Having the string `LETTERS = 'ABCDEFGHIJKLMNOPQRSTUVWXYZ'`

combined with the `find()`

method allows Python to find a single character in the string `LETTERS`

and return the index where it's found. Because `LETTERS`

contains all the letters of the alphabet in order, this `find()`

operation is the same as converting the character to its numerical representation, provided the character is in `LETTERS`

.

For example:

```
print( LETTERS.find('A') )
print( LETTERS.find('P') )
```

We even could use a loop to print out each letter in the plaintexts numerical representation if we wanted:

```
for character in plaintext:
print( LETTERS.find(character) )
```

This is why making sure the plaintext is converted to upper-case letters is important. Since the string `LETTERS`

only contains the upper-case version of each letter and the `find()`

method is case-sensitive, attempting to find a lower-case letter or space from the plaintext string would return a value of `-1`

, which is not a correct numerical representation of the letter.

```
for character in plaintext:
print( LETTERS.find(character) + key )
```

You can see that since `LETTERS.find(character)`

is an integer, we can add the integer `key`

to it before printing. Now some of these numbers are bigger than `25`

, so we'll need to do something about that.

```
for character in plaintext:
print( (LETTERS.find(character) + key) % 26 )
```

All of these numbers are in the proper range of values, `0 - 25`

. Now we just need to convert them back to letters.

### 4. Use this value to determine the plaintext letter.

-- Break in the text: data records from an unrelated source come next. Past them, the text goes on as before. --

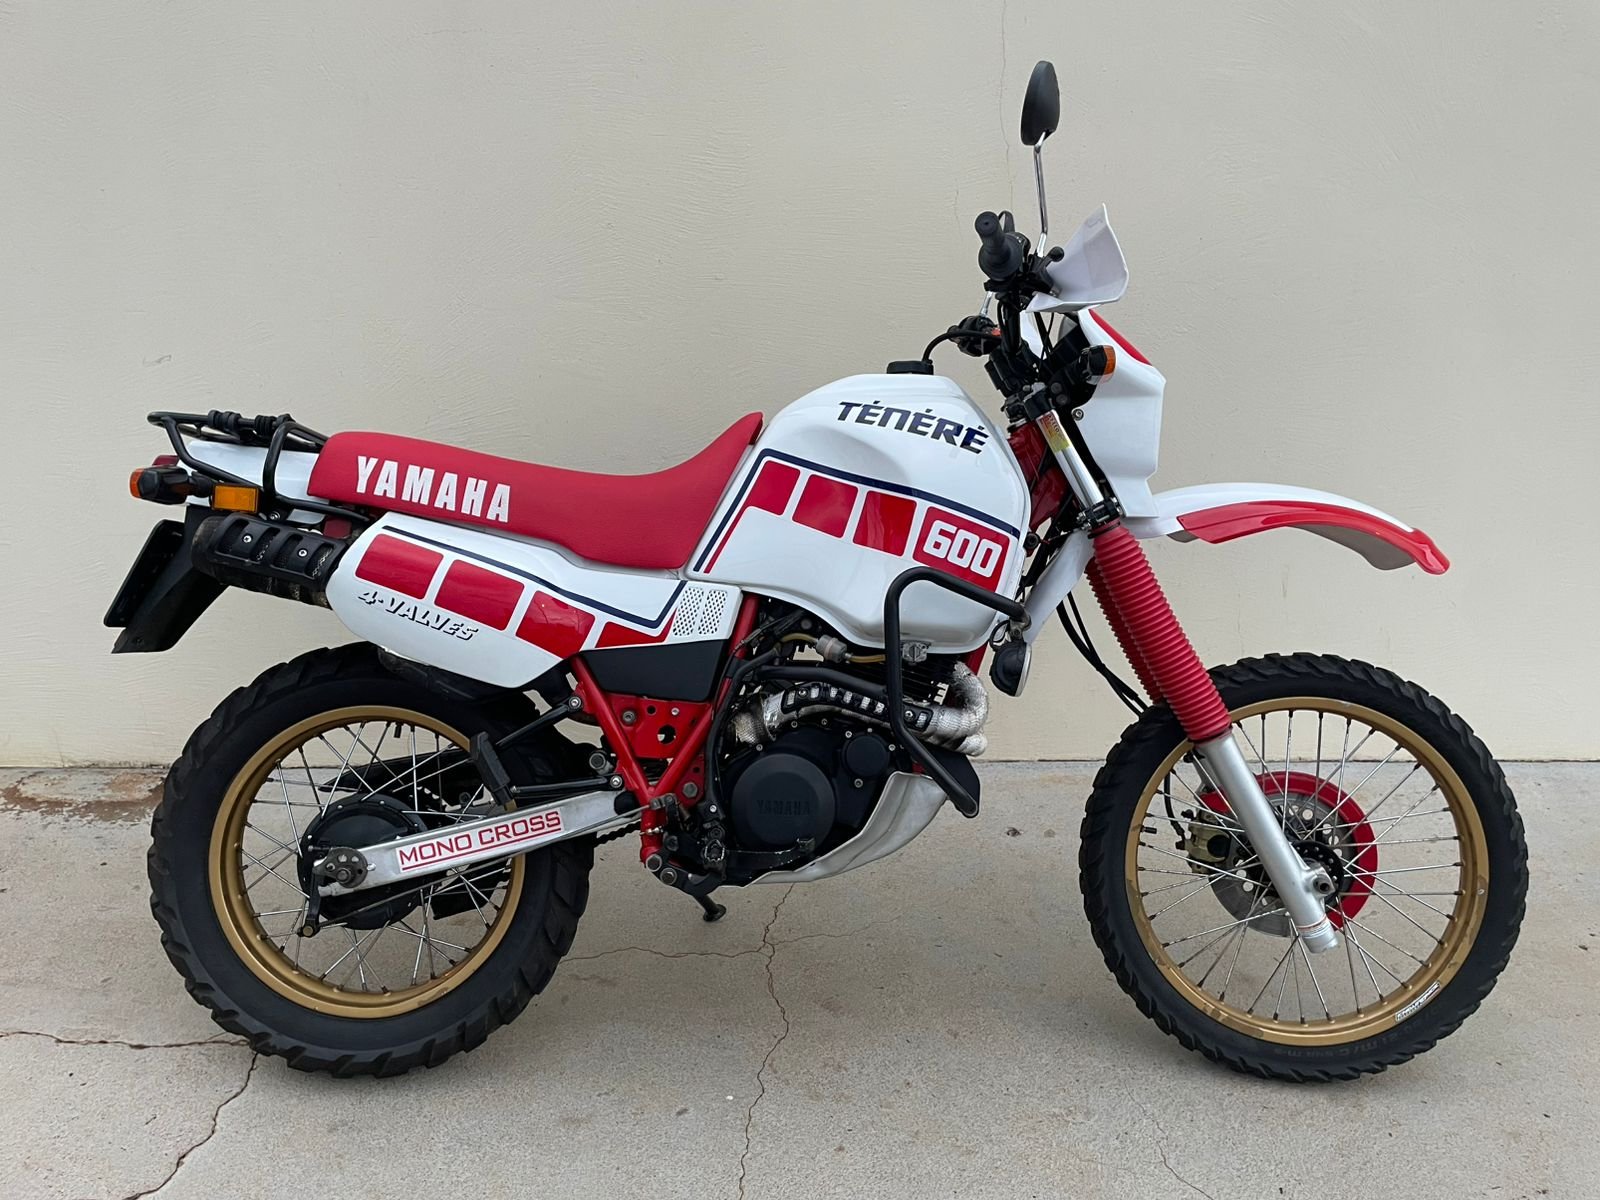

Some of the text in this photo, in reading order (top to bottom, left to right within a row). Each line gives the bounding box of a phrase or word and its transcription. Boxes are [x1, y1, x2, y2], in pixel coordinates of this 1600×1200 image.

[356, 455, 511, 523] YAMAHA
[922, 519, 1003, 578] 600
[357, 591, 479, 641] 4-VALVES
[756, 799, 811, 817] YAMAHA
[399, 811, 561, 865] MONO CROSS

To convert these new numbers back to letters, we can utilize the `LETTERS`

string again. Instead of using it with the `find()`

method, which takes in a string or character, we'll use the index feature of strings to determine which character is found at a particular index. For example, if we had the numerical values of 7 and 15, we could use `LETTERS`

to determine they correspond to `H`

and `P`

by:

```
print( LETTERS[7] )
print( LETTERS[15] )
```

We could then do this for each numerical value we determined by including it as part of the loop. It's getting a bit messy, but using `(LETTERS.find(character) + key) % 26`

as the index value:

```
for character in plaintext:
print( LETTERS[ (LETTERS.find(character) + key) % 26 ] )
```

We now have a loop that iterates through each character of the string `plaintext`

and performs a Caesar Cipher to determine the corresponding letter in the `ciphertext`

. The last thing we'll want to do is store each letter to a new string instead of printing them out one at a time. Let's store each character to the string `ciphertext`

and then print once we've stored the entire message.

```
for character in plaintext:
ciphertext = ciphertext + LETTERS[ (LETTERS.find(character) + key) % 26 ]
print(ciphertext)
```

```
plaintext = 'zebras eat grass'
plaintext = plaintext.upper().replace(' ', '')
key = 7
ciphertext = ''
LETTERS = 'ABCDEFGHIJKLMNOPQRSTUVWXYZ'
for character in plaintext:
ciphertext = ciphertext + LETTERS[ (LETTERS.find(character) + key) % 26 ]
print(ciphertext)
```

This Code Vizualization.replace('+',+'')%0Akey+%3D+7%0Aciphertext+%3D+''%0ALETTERS+%3D+'ABCDEFGHIJKLMNOPQRSTUVWXYZ'%0A%0Afor+character+in+plaintext%3A%0A++++ciphertext+%3D+ciphertext+%2B+LETTERS%5B+(LETTERS.find(character)+%2B+key)+%25+26+%5D%0A++++%0Aprint(ciphertext)&mode=display&raw_input=&curInstr=0) illustrates how we're building the ciphertext string one character at a time.

### Exercise for the Reader

Can you write a similar function for deciphering a ciphertext generated by a Caesar Shift?